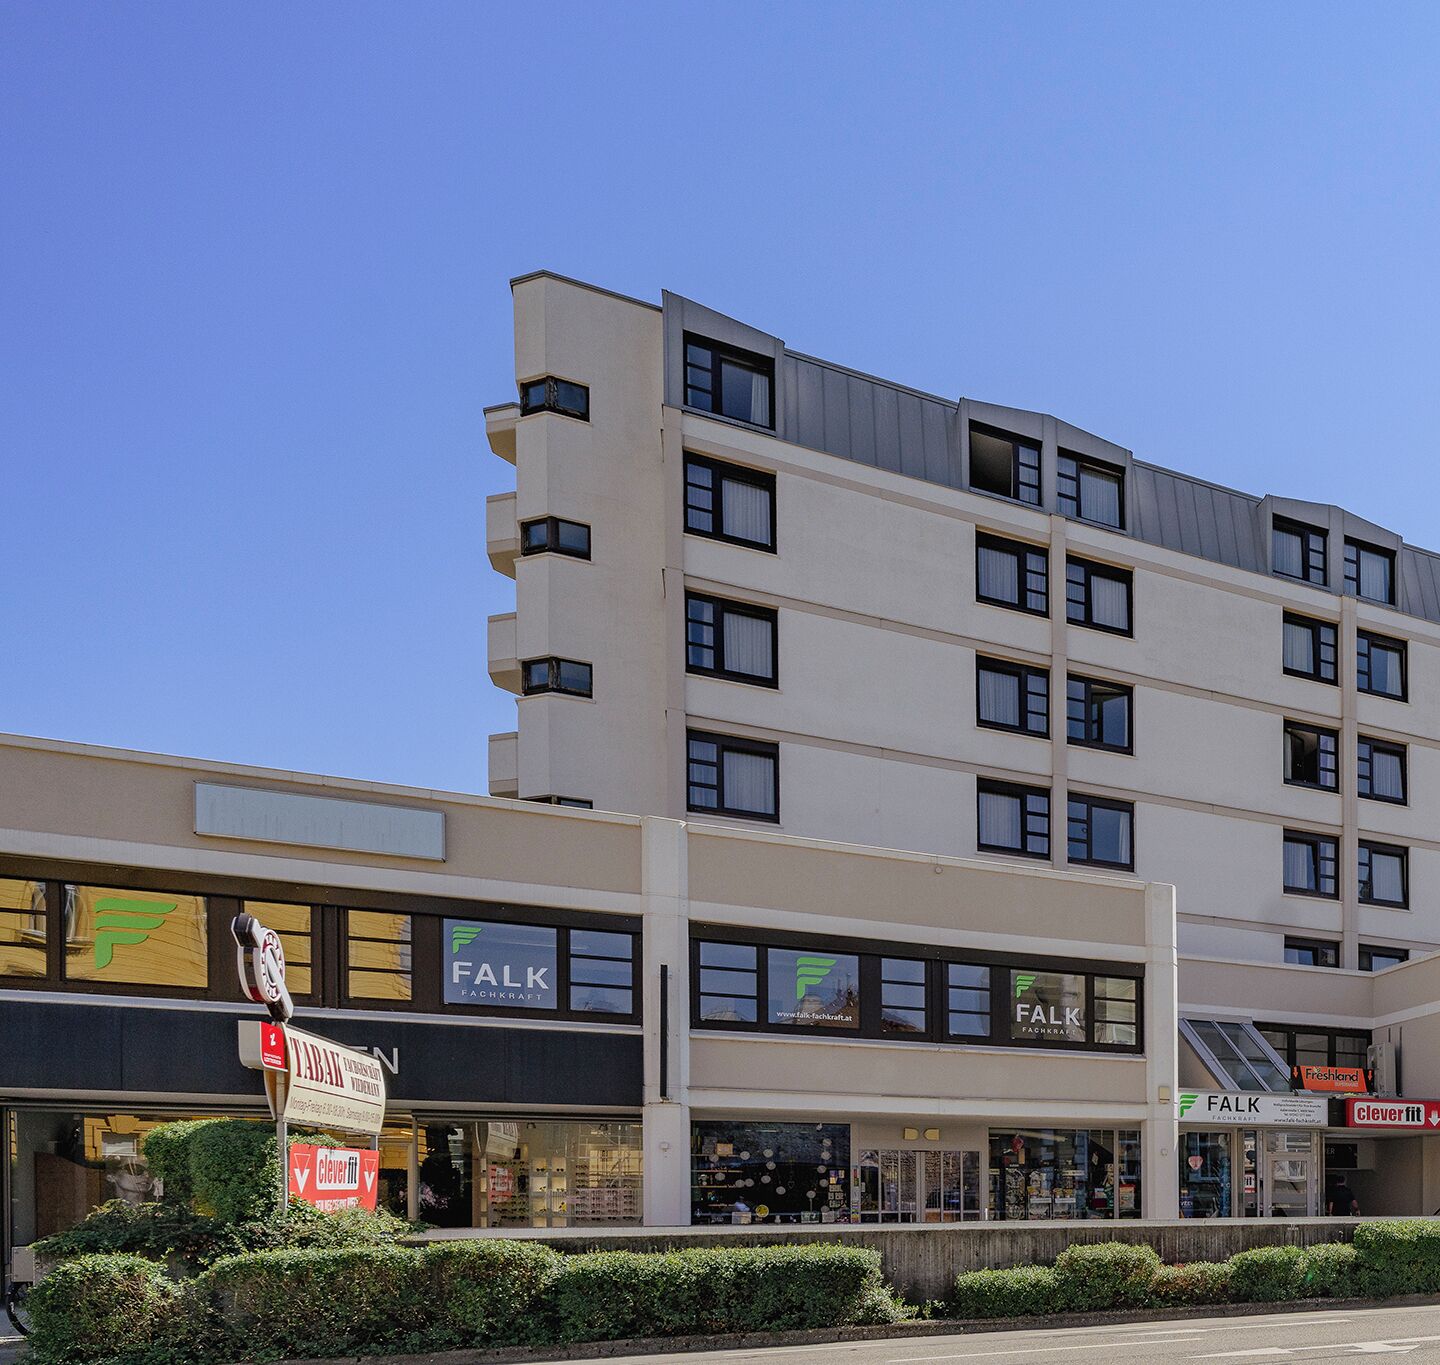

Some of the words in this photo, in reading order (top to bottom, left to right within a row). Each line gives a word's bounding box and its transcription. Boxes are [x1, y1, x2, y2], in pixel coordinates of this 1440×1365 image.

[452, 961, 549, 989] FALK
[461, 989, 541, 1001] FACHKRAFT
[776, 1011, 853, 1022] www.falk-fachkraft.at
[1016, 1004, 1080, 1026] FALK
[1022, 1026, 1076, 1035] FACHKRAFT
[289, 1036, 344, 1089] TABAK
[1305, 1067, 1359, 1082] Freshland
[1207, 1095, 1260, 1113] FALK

__Aim of the task__:
Pictures are to be left out; the listing above is otherwise to be copied exactly.

__Reply__:
Some of the words in this photo, in reading order (top to bottom, left to right within a row). Each line gives a word's bounding box and its transcription. Boxes are [x1, y1, x2, y2], in pixel coordinates of this 1440×1365 image.

[452, 961, 549, 989] FALK
[461, 989, 541, 1001] FACHKRAFT
[776, 1011, 853, 1022] www.falk-fachkraft.at
[1016, 1004, 1080, 1026] FALK
[1022, 1026, 1076, 1035] FACHKRAFT
[289, 1036, 344, 1089] TABAK
[1305, 1067, 1359, 1082] Freshland
[1207, 1095, 1260, 1113] FALK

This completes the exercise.